No greeting. Just diving right into whatever bullshit was on his mind.

I cleared my throat and looked up from my monitor. “What’s that?”

“Who’s your cameraman?” He glanced over at Jillian before turning back to me. “She’s got a whole crew. Am I correct in assuming that you don’t?

“Uh… yes.” I tapped my fingers on my desk, wondering where this could be going as I tried to work out a way to explain that would neither make me look like a moron or undermine Jill for her own methods. As I formed a better answer, Silas walked even farther around the side of my desk so he could see my screen. It made the hairs on the back of my neck stand up.
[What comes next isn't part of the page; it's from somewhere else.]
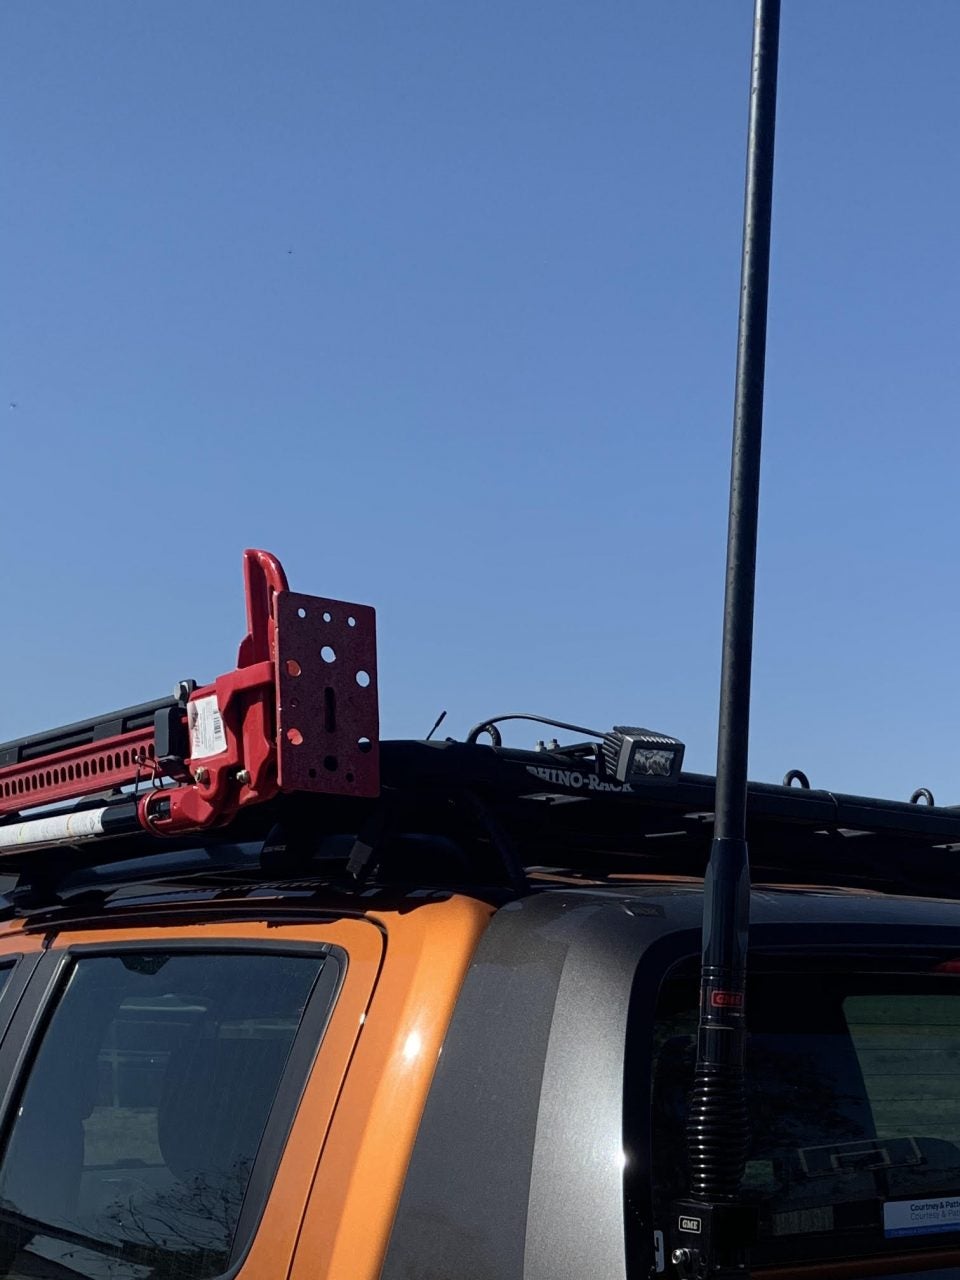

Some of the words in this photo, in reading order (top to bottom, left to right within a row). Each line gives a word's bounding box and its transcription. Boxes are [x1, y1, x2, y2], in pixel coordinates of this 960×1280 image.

[910, 1202, 939, 1212] Courtney
[910, 1211, 940, 1221] Courtesy
[682, 1218, 699, 1230] GME
“Do you edit your own videos, too?”

I blinked a couple of times. “I, uh, just do a basic edit before submitting them. Sometimes I upload a quick clip for our social media, but Ryan still edits anything that ends up on air.”

Like a predator circling its prey, Silas walked all the way around my desk until he was in front of me again. I fiddled with the corner of my mousepad, which was already coming apart from years of nervous picking. This scrutiny could end any time now. But he wasn’t done yet. With one hand clutching the coffee cup and the other in his pocket, he stood at the front of my desk and said, “No suit and tie, no cameraman. Just you and your jeans against the world, huh?”

What a condescending prick. “I guess you could say that.”

He nodded and took a sip of his coffee. “I’d like to see you in action sometime, out on the field. Email me your schedule so I know where you’re headed, alright?”

“Yeah, sure.”

With a nod, he finally walked away, deciding to pester Marco for a little bit.

Great. Just great. The last thing I needed was our douchebag CEO breathing down my neck, scrutinizing everything I did while I tried to work.

Meghan was going to hate this even more.